7 Things
Disclaimer: I don't own Life With Derek. Trust me, Dasey would be much more than a hope if I were in charge.
A/N: Well, this is the third thing I've tried writing for Life With Derek. It's the first I'm posting though. This is the result of a challenge from somerdaye over at Dasey Nation. She drew songs and pairings out of a hat. My song was 7 Things by Miley Cyrus. Honestly, I think I really went away from the song when writing this, but I was inspired by the spirit of the song more than anything else. To me, it was a song about having doubts about breaking up with someone. Because of that inspiration and interpretation, I mostly ignored the actual, literal words of the song.
Ten years. It had been almost ten years since he had seen her last. Of course, he knew what had happened in her life after she left for college. It was, after all, one of the biggest scandals that had come from their high school. Although, it seemed that it wasn't viewed by most as something to be ashamed of or swept under the carper. Most people seemed genuinely happy for her, for them.
Sometimes he wondered what if. What if he had stayed in touch that last summer before college? What if he hadn't cheated on her, again, before they officially broke up? He had spent his time at college partying and enjoying the girls he met. By the end of his fifth semester, he had grown board with college girls, college classes, and college life. At home that summer after his sixth semester, he had started working next door to a dance studio. Though they taught classes, the studio was open to the public when it wasn't class time, as long as the person had a membership.
That was how he met his current wife. She had been on her way out after what, judging by her appearance, was a brutal workout, when they had literally bumped into each other. It was hot out, and she appeared to be walking home, so he had offered her a ride in apology for knocking her down. She had accepted, and they had talked for the entire twenty minute ride to her house.
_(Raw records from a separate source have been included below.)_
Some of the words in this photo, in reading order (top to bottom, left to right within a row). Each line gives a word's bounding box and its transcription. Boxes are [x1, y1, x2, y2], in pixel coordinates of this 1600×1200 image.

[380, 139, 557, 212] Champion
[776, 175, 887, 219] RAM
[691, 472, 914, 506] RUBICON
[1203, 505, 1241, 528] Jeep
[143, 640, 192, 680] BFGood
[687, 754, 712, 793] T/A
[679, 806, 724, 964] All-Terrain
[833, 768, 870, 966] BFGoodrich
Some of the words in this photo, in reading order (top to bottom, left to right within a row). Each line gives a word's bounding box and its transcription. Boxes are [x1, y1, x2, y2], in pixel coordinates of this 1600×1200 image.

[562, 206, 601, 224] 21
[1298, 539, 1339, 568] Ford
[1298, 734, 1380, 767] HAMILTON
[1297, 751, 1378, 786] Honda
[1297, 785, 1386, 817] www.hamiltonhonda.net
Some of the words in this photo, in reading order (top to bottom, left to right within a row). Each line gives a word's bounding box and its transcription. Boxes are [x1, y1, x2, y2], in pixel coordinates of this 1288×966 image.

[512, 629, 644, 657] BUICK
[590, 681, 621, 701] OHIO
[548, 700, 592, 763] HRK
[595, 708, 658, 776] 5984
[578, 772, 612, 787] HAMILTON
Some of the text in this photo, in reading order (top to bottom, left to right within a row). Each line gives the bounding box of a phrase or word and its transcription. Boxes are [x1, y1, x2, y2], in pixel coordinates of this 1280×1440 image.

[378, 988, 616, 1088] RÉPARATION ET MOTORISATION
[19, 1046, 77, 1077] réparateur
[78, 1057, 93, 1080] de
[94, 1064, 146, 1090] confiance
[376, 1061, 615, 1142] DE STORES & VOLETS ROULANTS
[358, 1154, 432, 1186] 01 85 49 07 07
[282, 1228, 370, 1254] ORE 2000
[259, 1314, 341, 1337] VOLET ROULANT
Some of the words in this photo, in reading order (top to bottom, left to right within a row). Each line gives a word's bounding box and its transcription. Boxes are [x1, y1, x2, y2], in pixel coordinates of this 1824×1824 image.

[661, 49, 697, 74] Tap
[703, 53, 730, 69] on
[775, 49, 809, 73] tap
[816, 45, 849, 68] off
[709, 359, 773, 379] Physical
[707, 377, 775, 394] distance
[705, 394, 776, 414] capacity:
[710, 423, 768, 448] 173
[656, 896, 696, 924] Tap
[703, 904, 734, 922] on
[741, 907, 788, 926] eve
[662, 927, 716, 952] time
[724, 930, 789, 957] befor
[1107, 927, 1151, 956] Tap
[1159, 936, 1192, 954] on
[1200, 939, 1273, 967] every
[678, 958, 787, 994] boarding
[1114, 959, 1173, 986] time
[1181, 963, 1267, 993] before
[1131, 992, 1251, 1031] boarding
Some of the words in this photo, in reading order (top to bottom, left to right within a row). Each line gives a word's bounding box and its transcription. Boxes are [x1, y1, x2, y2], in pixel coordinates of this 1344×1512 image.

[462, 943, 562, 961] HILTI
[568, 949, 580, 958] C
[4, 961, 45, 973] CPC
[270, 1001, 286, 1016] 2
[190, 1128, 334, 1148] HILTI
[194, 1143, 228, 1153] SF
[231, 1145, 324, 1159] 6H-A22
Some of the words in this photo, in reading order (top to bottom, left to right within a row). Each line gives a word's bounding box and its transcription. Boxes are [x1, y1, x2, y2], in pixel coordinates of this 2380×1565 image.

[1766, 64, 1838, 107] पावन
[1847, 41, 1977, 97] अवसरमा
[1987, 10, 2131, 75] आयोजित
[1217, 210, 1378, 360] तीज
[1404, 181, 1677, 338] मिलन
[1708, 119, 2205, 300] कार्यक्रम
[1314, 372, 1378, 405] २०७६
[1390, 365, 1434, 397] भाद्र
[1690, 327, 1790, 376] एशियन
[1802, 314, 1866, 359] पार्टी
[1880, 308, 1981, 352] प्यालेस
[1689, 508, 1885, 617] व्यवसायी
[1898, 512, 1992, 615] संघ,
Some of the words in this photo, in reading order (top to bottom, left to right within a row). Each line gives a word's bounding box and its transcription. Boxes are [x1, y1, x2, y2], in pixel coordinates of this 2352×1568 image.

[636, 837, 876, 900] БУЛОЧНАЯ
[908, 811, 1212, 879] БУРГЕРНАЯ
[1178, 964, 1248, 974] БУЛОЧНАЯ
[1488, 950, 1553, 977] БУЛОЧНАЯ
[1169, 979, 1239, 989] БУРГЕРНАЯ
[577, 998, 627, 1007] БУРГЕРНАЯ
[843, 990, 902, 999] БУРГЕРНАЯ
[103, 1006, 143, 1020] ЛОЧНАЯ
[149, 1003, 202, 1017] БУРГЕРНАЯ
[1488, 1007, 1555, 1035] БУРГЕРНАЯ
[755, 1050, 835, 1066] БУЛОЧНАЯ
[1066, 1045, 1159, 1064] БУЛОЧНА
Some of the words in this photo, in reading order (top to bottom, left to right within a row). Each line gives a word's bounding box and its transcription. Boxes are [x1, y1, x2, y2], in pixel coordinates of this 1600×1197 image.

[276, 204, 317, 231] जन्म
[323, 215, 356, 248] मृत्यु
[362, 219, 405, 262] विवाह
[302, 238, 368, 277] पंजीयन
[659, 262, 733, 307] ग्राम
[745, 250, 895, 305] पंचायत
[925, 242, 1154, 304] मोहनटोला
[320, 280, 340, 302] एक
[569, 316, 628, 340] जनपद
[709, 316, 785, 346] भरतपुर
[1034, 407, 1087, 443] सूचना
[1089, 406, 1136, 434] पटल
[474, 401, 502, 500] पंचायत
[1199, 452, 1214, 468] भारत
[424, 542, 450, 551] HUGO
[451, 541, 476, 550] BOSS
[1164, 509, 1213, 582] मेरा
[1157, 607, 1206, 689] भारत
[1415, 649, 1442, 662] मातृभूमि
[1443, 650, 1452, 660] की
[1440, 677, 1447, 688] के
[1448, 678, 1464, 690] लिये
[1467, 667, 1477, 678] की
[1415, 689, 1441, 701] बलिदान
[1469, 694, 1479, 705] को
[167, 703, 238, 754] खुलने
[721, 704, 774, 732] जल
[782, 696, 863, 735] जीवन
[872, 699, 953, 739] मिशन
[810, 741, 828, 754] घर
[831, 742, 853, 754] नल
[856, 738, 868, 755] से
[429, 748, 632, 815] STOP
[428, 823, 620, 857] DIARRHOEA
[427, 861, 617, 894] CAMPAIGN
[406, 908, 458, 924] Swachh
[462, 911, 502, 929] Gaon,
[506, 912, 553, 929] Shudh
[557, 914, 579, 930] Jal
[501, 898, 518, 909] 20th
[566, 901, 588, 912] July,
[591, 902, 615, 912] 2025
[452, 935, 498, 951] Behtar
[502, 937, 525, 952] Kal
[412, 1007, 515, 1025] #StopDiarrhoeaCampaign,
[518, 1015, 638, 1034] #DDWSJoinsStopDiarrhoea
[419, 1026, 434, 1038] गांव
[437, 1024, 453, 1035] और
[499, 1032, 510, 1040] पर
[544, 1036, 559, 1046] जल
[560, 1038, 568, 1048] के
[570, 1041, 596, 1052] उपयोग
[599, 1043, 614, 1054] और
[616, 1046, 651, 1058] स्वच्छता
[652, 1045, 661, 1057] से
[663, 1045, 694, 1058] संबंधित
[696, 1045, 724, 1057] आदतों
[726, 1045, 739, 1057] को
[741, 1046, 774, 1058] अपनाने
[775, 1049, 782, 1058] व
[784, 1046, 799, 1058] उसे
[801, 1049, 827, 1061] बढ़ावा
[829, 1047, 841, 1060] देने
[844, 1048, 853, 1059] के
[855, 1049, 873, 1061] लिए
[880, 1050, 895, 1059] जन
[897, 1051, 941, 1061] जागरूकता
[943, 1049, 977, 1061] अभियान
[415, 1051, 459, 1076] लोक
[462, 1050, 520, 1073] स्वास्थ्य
The only awkward moment had come when, without thinking about it, he had driven down a familiar street that he at one time had stopped on quite often. She was running around the yard, laughing and smiling, as she was chased by a young girl of about nine. He had grimaced when she ran right into the arms of the boy who had snuck into her path. He turned off the street, so he hadn't seen what happened next, but he could guess. They had kissed, and the young girl would complain, but she would really be happy that two of her favorite people had finally found happiness.
The girl in the seat next to him had seen his grimace. She asked him about it, so he explained that he had dated the girl once, a few years ago. That it had ended badly, mostly because of his lack of care, and that he sometimes found himself feeling sorry about that summer. He was shocked when she said they looked familiar, and asked their names. He told her, trying, and failing, to mask the bitterness of his voice. Her shocked look told him before she did. She knew them both as well, though he found out a few seconds later that it wasn't nearly as well as he had.
It was a dance competition, she had said. I was sure I would win. I had asked him to be my partner, until I realized he couldn't dance. So I took her partner. I was a bit nervous that she might actually beat me. I wasn't used to real competition. I figured that she would drop out without a partner. But she didn't. She made him be her partner. And they won. I was angry. I was embarrassed. But it happened, and I never saw them again. But I remember their reaction to my words. I think that they only wanted to beat me more when I called them a sibling act. I think even then they didn't want to be considered related, even if they didn't realize it or understand why.
After hearing her story, I changed the subject. We talked and laughed. I asked her if she'd have dinner with me on Saturday night. She agreed. We spent the summer going on dates and growing closer. We went back to our separate colleges in the fall, but we kept in touch. We moved to Toronto together after graduating, and I proposed to her almost two years to the day that we met. We have been married for four years, having gotten married a year after I gave her the ring. It's been a happy four years, and we have a baby daughter waiting for us at home when this night of reminiscing is over. I'm happier than I've ever been, and really, I owe it all to a girl whose heart I almost broke one summer almost ten years ago.
"Truman, what are you doing over here? You seem lost in thought." His wife's warm hand slipped onto the crook of his arm, gently pulling until he was facing her.
"I'm just thinking. Thinking of the past, and how things might have been different had I not made the choice to be cruel and selfish one summer. I was standing here, watching them dance and laugh, surrounded by friends and strangers, and I was feeling bad about how I treated her. I was playing what if. But then I realized that she wouldn't have been any happier with me than I would have with her. Me treating her the way I did was necessary for her to find her way to him. And it was necessary for me to find my way to you. And Sadia, I just don't know what I'd do if I hadn't knocked you to the ground almost seven years ago," he said as he helped her into her coat and led her to the car. 'Yes,' he thought. 'Playing what if is never good. Things always wind up as they should, even if, when I see her smile for him, I'll always remember why I was with her.'
So…What did you think? I was given Truman and Sadia, which was very difficult for me. Especially since I've never had people I don't like as my main characters for a story.